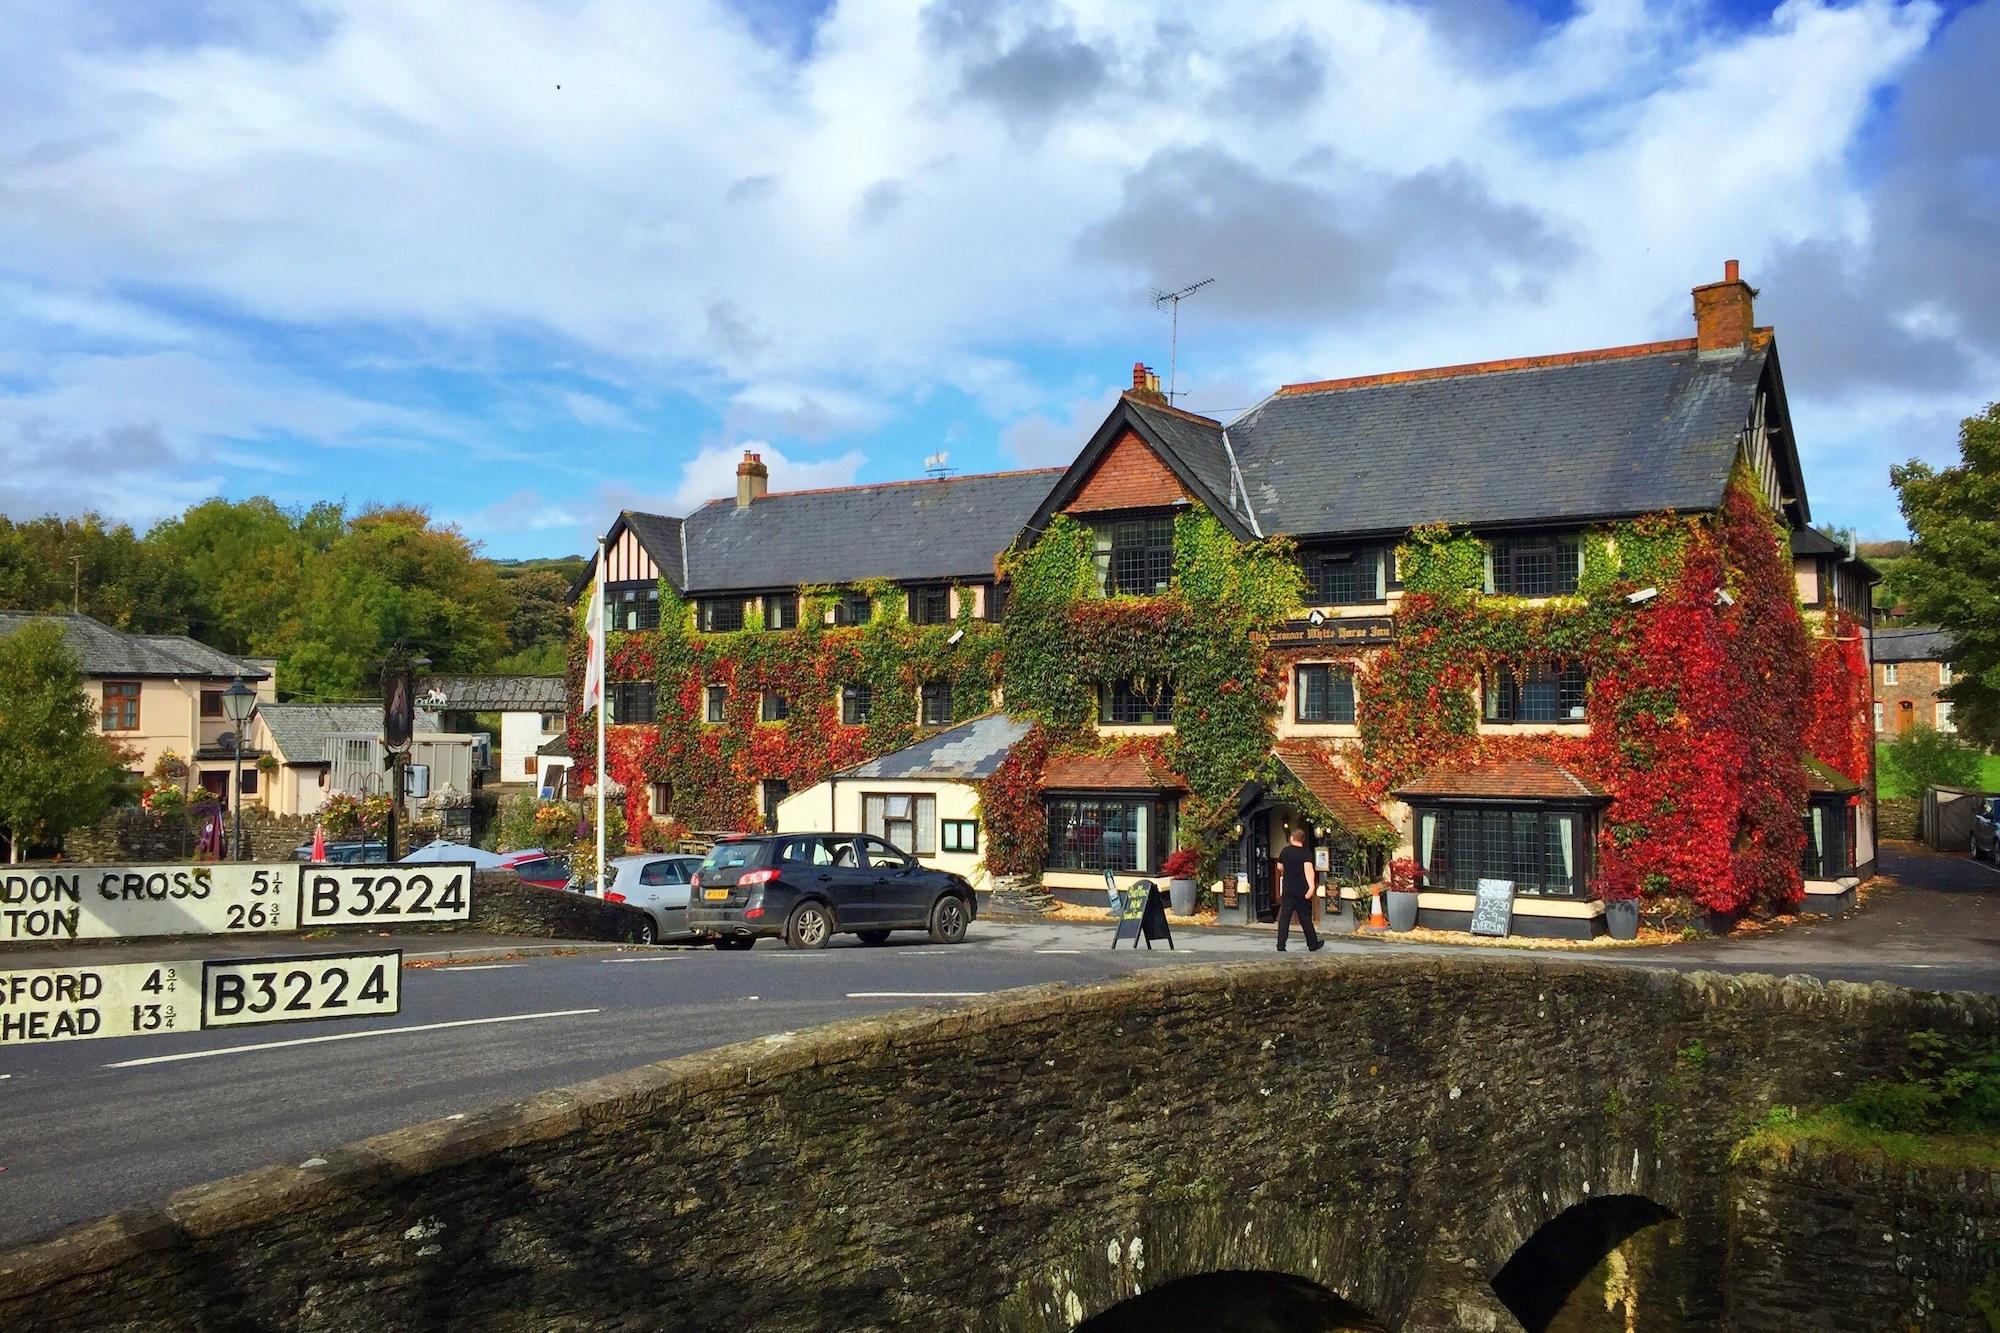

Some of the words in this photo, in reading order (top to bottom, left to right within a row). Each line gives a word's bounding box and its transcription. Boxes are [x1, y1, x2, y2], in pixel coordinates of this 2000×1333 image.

[1338, 626, 1366, 639] Horse
[0, 874, 80, 904] DON
[99, 871, 211, 900] CROSS
[4, 908, 79, 938] TON
[214, 964, 389, 1017] B3224
[3, 1008, 100, 1040] HEAD
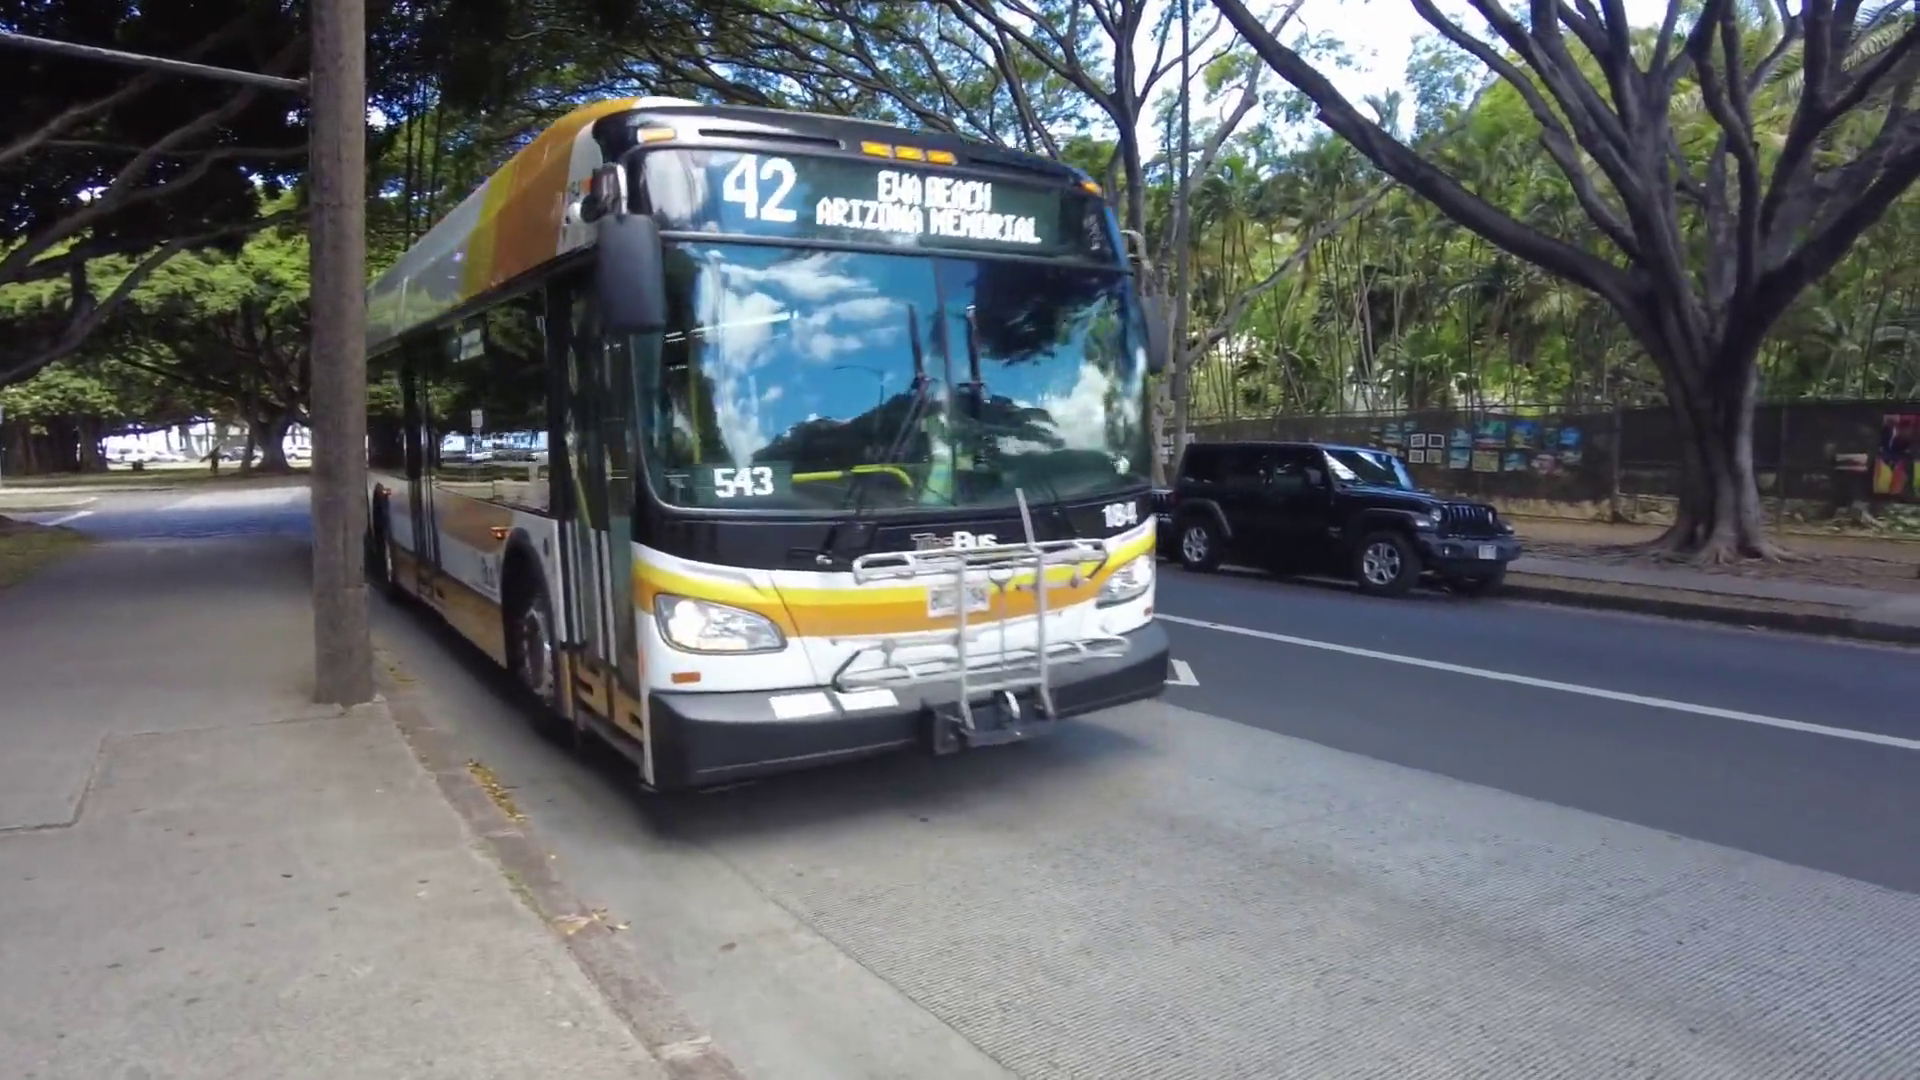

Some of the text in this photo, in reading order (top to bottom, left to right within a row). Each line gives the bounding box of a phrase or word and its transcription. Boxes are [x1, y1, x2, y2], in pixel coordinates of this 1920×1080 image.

WORK INSTRUCTIONS
Please transcribe the listing exactly as it stands, but omit its pictures.

WRITTEN SOLUTION
Some of the words in this photo, in reading order (top to bottom, left to right within a row). Each line gives a word's bounding box and its transcription. Boxes are [x1, y1, x2, y2], in pixel coordinates of this 2000×1333 image.

[1338, 626, 1366, 639] Horse
[0, 874, 80, 904] DON
[99, 871, 211, 900] CROSS
[4, 908, 79, 938] TON
[214, 964, 389, 1017] B3224
[3, 1008, 100, 1040] HEAD

Some of the text in this photo, in reading order (top to bottom, left to right within a row). Each line gives the bounding box of a phrase or word and its transcription. Boxes are [x1, y1, x2, y2], in pixel coordinates of this 1920×1080 image.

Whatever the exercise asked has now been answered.